The problem
Find "Some of the words" in the data, then restate the line it sits in and every later line word for word, ending with the last line.

-- Opening Marker --

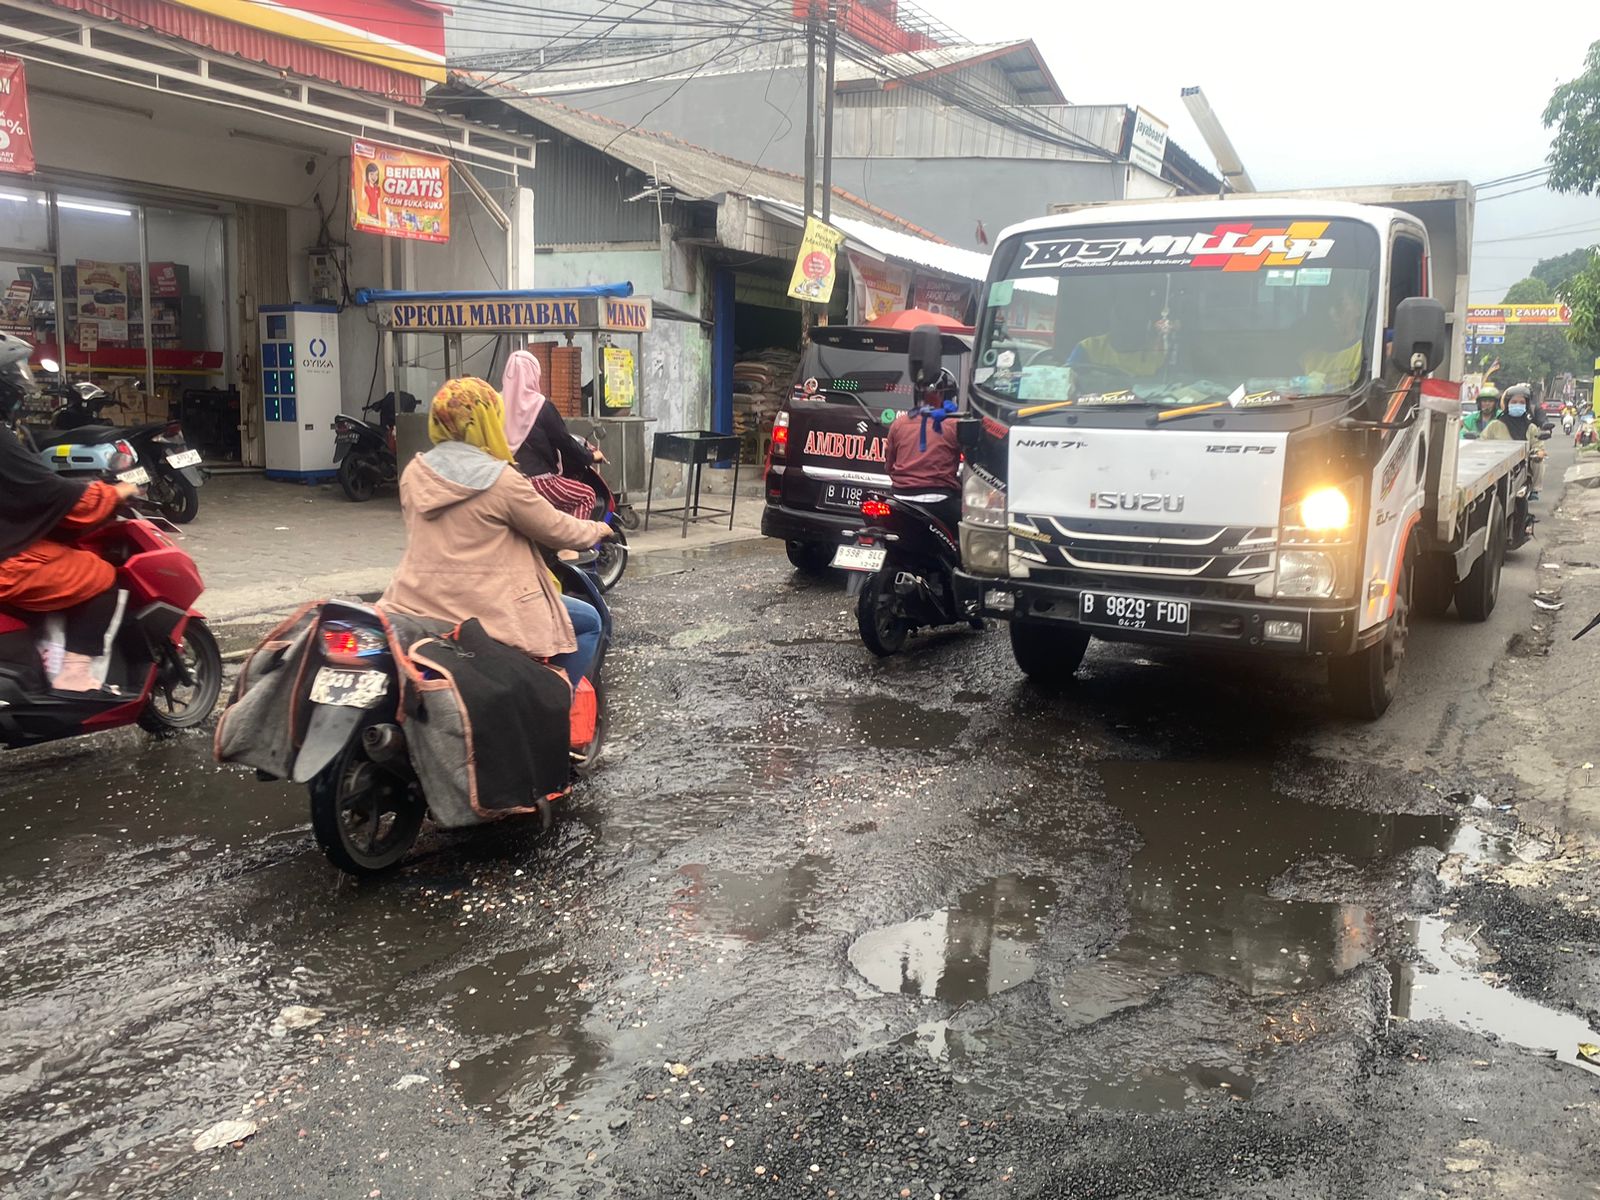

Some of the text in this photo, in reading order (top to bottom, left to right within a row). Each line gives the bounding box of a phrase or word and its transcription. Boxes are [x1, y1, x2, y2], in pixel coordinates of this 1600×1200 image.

[386, 166, 440, 179] BENERAN
[384, 178, 443, 198] GRATIS
[384, 197, 402, 206] PILIH
[1020, 232, 1335, 269] BISMILLAH
[393, 303, 646, 327] SPECIAL MARTABAK MANIS
[1206, 445, 1277, 454] 125 PS
[828, 485, 835, 497] B
[1090, 492, 1184, 512] ISUZU
[1084, 594, 1187, 623] B 9829 FDD
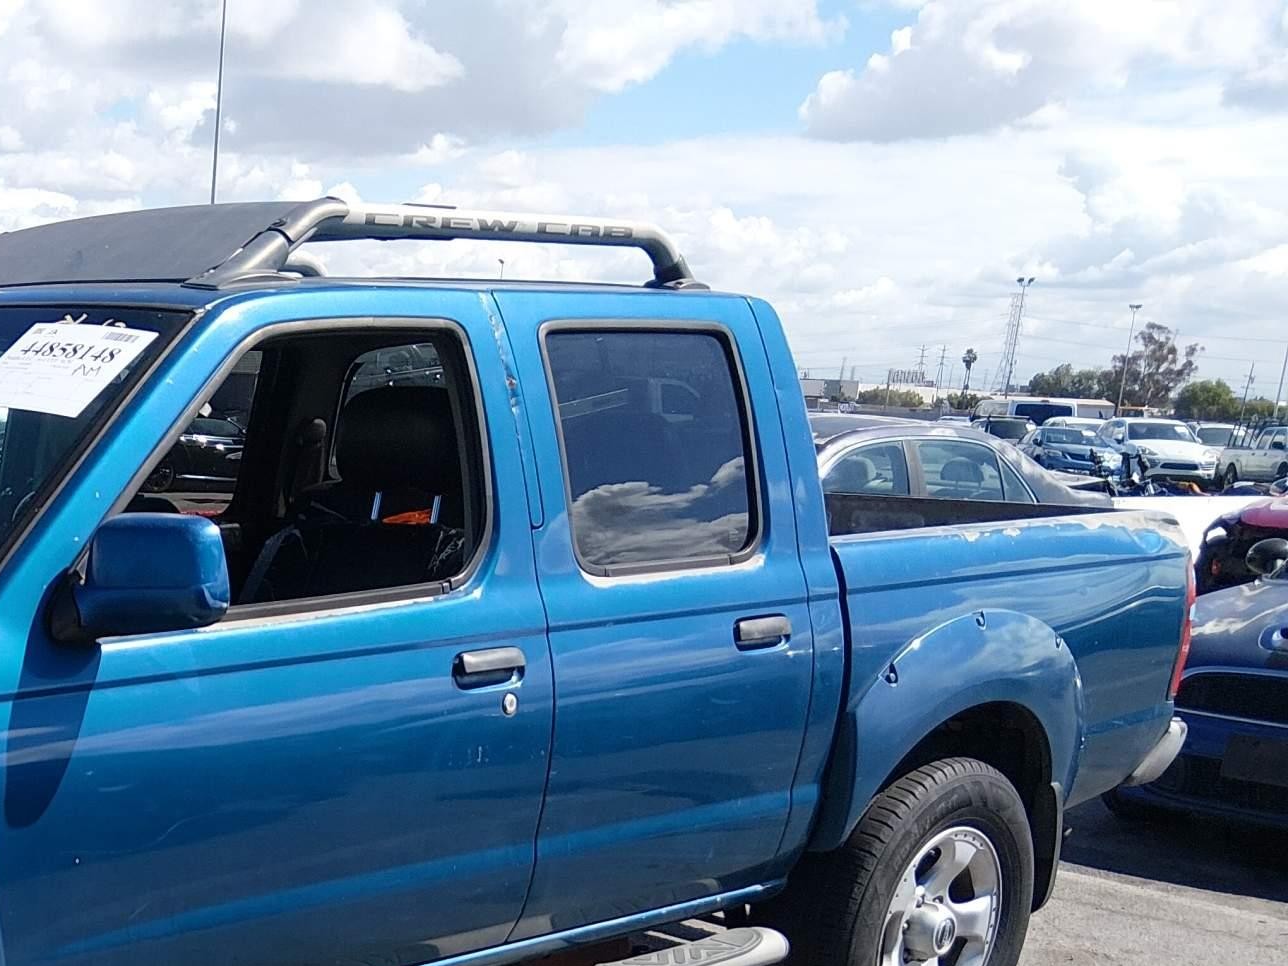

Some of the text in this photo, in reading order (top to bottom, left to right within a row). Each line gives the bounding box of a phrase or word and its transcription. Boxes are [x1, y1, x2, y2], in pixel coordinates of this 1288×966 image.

[365, 212, 634, 238] CREW CAB
[20, 340, 123, 364] 44858148
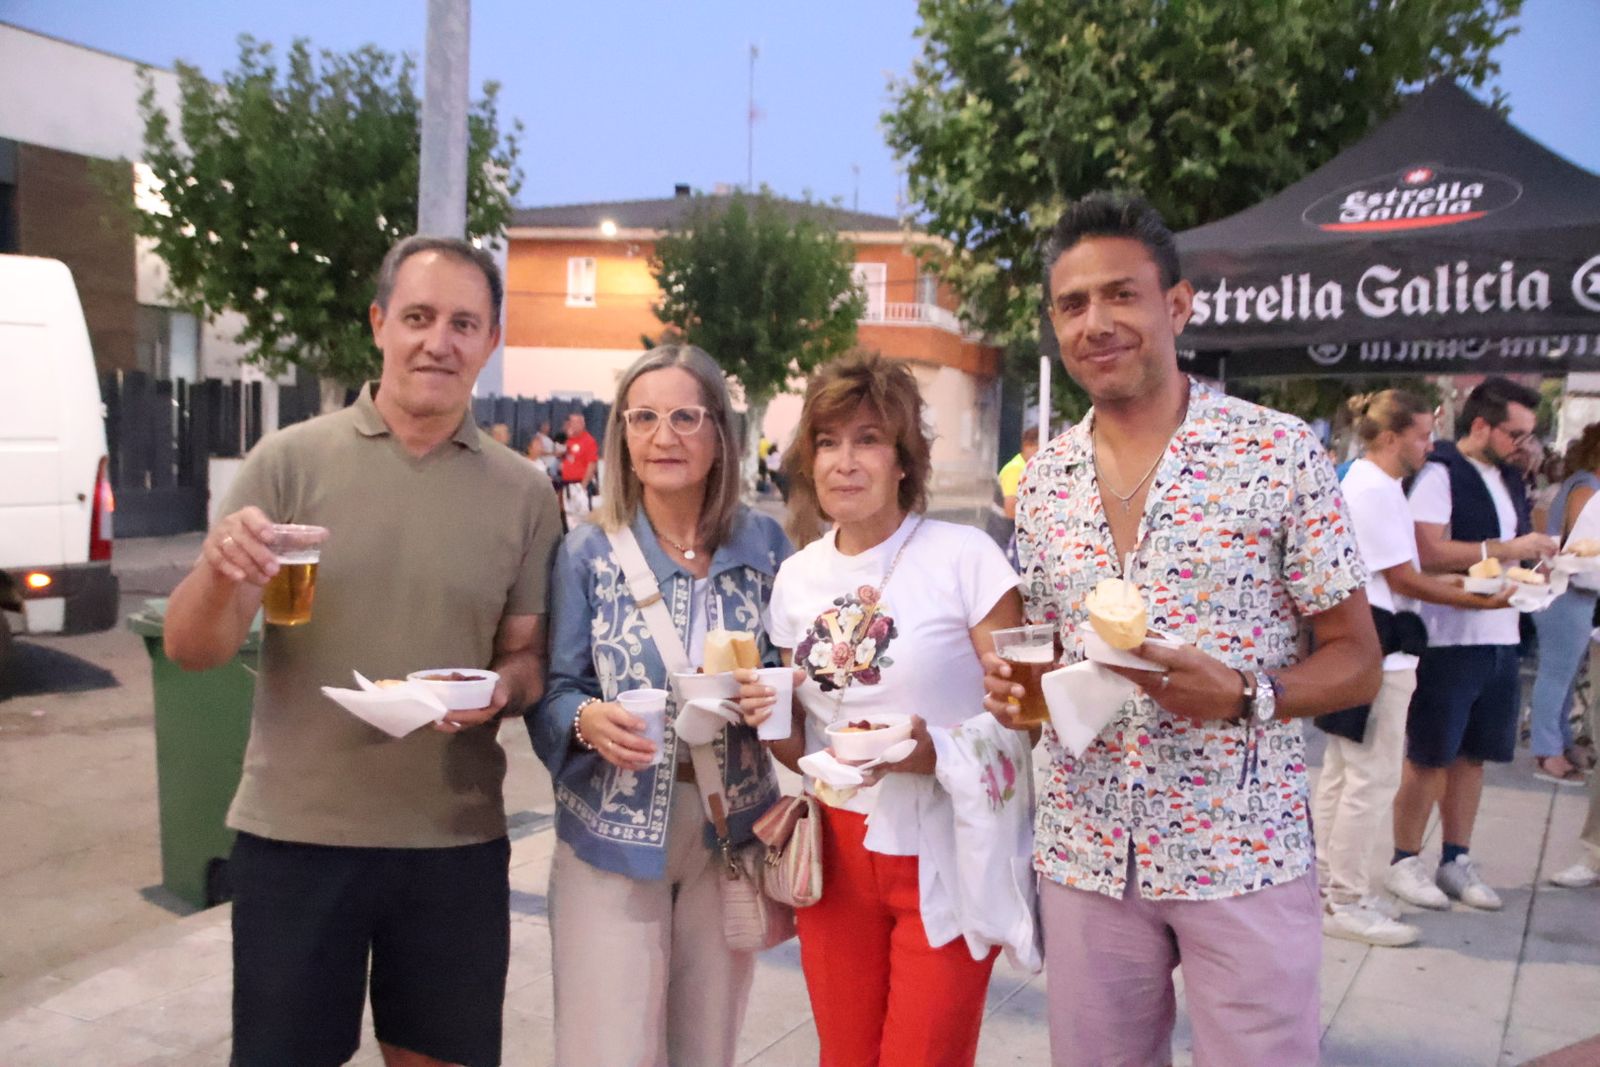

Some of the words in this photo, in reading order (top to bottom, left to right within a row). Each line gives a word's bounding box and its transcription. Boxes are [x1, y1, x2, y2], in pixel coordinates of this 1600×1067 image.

[1341, 181, 1484, 209] Estrella
[1338, 199, 1473, 224] Galicia
[1189, 272, 1345, 326] strella
[1356, 260, 1553, 319] Galicia

-- Closing Marker --

Answer area
Some of the words in this photo, in reading order (top to bottom, left to right within a row). Each line gives a word's bounding box and its transcription. Boxes are [x1, y1, x2, y2], in pixel coordinates of this 1600×1067 image.

[1341, 181, 1484, 209] Estrella
[1338, 199, 1473, 224] Galicia
[1189, 272, 1345, 326] strella
[1356, 260, 1553, 319] Galicia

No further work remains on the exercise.